By: Cam Dahl, Agweek
I have recently returned from a trade mission to China, led by Gerry Ritz, Canada’s Minister of Agriculture and Agri-food. The Canadian delegation that accompanied Ritz was large.
Delegates included ministers from Manitoba and British Columbia, and the Deputy Minister of Agriculture and Agri-Food Canada, who was joined by her colleagues from Saskatchewan and Manitoba. In addition to Cereals Canada, the industry contingent also included representatives from other industries including barley, beef, pork, blueberries, flax and more.
Trade missions such as this one to China are not unique, and follow closely on the heels of trade missions to Korea and Japan. So why do both industry and governments put so much time and money into trade missions?
The quick answer to that question is because they work. Agricultural trade is sophisticated, technical and large. The flow of billions of dollars is guided by a myriad of conflicting government policies and regulations. Face-to-face visits between ministers, senior government officials and industry has a way of cutting through this complexity. Despite the complicated nature of the business, success in agricultural trade often comes down to one-on-one relationships. No matter how efficient and effective modern communications have become, email and social media channels such as Twitter and Facebook cannot simply replace the personal touch in business relationships.
Federal and provincial governments deserve credit for the support given to developing agricultural markets. They also deserve kudos for directly involving key industry players in market development. Governments are responsible for setting the rules for trade, and industry is responsible for sealing the deal and keeping the customer happy. These missions are a good example of how industry and government working together can get the whole job done.
A key focus for Cereals Canada is the Canadian quality advantage. Canadian farmers and industry can consistently deliver a high-quality product that processes the same way every time.
I remember growing up when my mom was baking bread and would say “this batch of flour is just not right” and the resulting bread was not quite right either. The same concept holds true for large international customers. They want their bread, noodles or other products to be the same every time they come out of the oven. The consistency of Canadian grains helps them achieve that goal.
Consistent high-quality product has always been important for key Asian markets such as Japan and is becoming more important to growing markets like China. As incomes grow across this region, people are demanding better and more consistent food products. Canadian farmers, exporters and crop development companies stand ready to meet this growing demand for quality. This is what gives Canadian cereal grains their competitive advantage.
Our customers also talked about another Canadian advantage — clean air, clean water and clean land. Canadian agriculture has a strong reputation for delivering safe food. This is a reputation that cannot be bought and must be guarded by everyone in the industry.

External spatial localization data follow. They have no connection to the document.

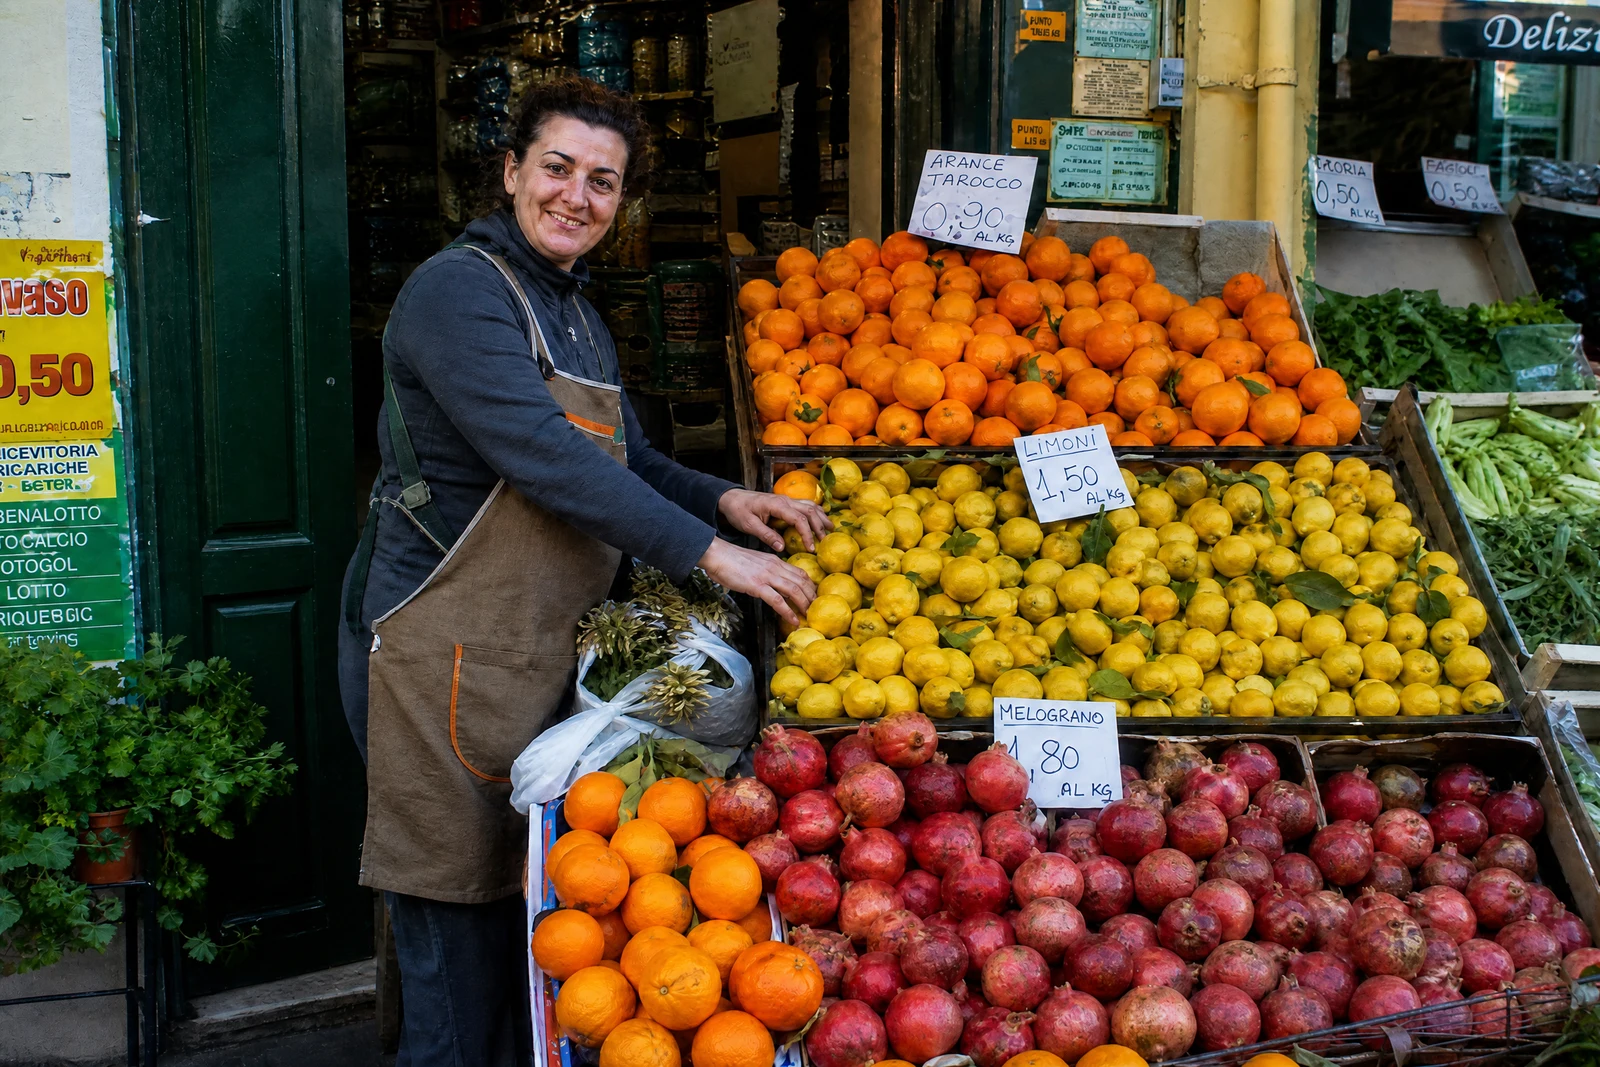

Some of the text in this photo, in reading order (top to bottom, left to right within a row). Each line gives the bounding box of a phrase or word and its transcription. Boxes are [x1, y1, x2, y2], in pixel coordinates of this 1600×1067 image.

[1017, 124, 1043, 135] PUNTO
[930, 154, 1005, 171] ARANCE
[927, 173, 1023, 190] TAROCCO
[1316, 180, 1360, 209] 0,50
[1431, 181, 1479, 206] 0,50
[922, 201, 1004, 237] 0,90
[974, 231, 1015, 247] AL KG
[0, 279, 89, 317] vaso
[0, 444, 99, 460] ICEVITORIA
[1036, 464, 1099, 503] 1,50
[1086, 488, 1126, 505] AL KG
[0, 557, 78, 575] OTOGOL
[6, 583, 67, 600] LOTTO
[1000, 703, 1104, 725] MELOGRANO
[1008, 735, 1079, 784] 1,80
[1091, 783, 1114, 803] KG

How can individual farmers protect Canada’s reputation for safe food? There are many examples, but perhaps the most important is rigidly following the labels when applying pesticides and seed treatments. Do you think that bit of treated seed in the back of the truck won’t do any harm? Or those few days of pre-harvest interval won’t make a difference? Think again. Consider the damage that could be done to Canada’s reputation if those few seeds push a shipment over an international maximum residue limit. And because testing is done at parts per trillion, those few seeds might just be the difference between a shipment being accepted or rejected.
Food safety concerns and environmental reputation are growing issues in international markets. Canada can, and is, delivering on our promise to provide safe, clean and reliable food. But as a trading nation, we must protect ourselves against countries that use “safety” as an excuse to block trade. We do this by fighting for trading rules that are based on strong science.
Promoting sound scientific rules for food safety and environmental sustainability is another key goal of trade missions such as the recent missions to Asia. The Government of Canada, with the strong support of industry, is leading the way internationally. Canada is using every opportunity to promote science-based trade and helping to build the scientific capacity of our trading partners. Again, this is an example of industry and government working closely together to benefit all links of the value chain — from farm gate through to our end use customers.
Canada already has a strong reputation for high-value products in the international marketplace. By working together, producers, industry and government can build on the Canadian brand and deliver long-term profit for everyone involved. That is our ultimate goal.
Editor’s note: Dahl is the president of Cereals Canada.